WHAT THE EXERCISE ASKS:
An exact copy of the entries below is required, with all pictures removed.

[RECORDS PROVIDED Boundary: Start]

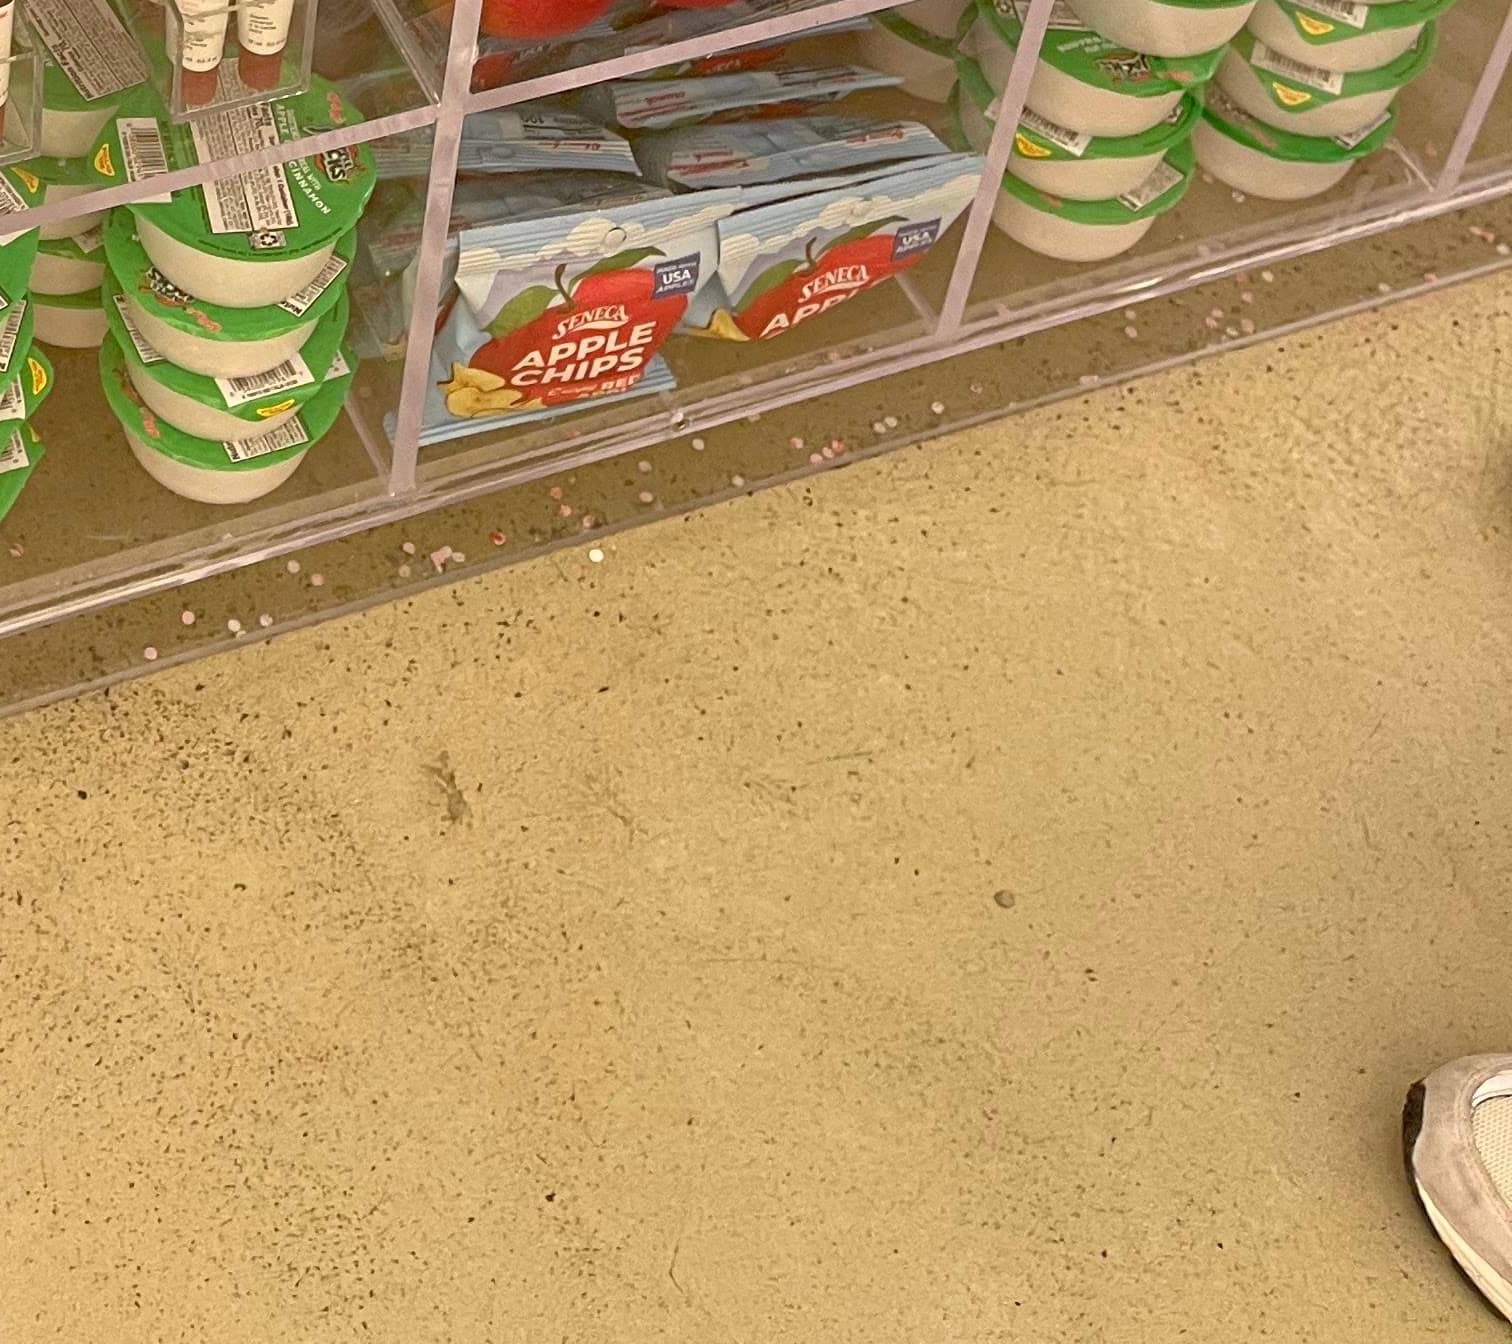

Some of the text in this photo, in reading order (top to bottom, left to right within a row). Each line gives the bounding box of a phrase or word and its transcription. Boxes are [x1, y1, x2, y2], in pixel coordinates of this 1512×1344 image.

[288, 160, 332, 216] CINNAMON
[901, 230, 932, 246] USA
[662, 268, 692, 285] USA
[796, 264, 871, 304] SENECA
[551, 303, 632, 341] SENECA
[511, 320, 658, 372] APPLE
[509, 346, 646, 387] CHIPS

[RECORDS PROVIDED Boundary: End]

YOUR SOLUTION:
Some of the text in this photo, in reading order (top to bottom, left to right within a row). Each line gives the bounding box of a phrase or word and its transcription. Boxes are [x1, y1, x2, y2], in pixel coordinates of this 1512×1344 image.

[288, 160, 332, 216] CINNAMON
[901, 230, 932, 246] USA
[662, 268, 692, 285] USA
[796, 264, 871, 304] SENECA
[551, 303, 632, 341] SENECA
[511, 320, 658, 372] APPLE
[509, 346, 646, 387] CHIPS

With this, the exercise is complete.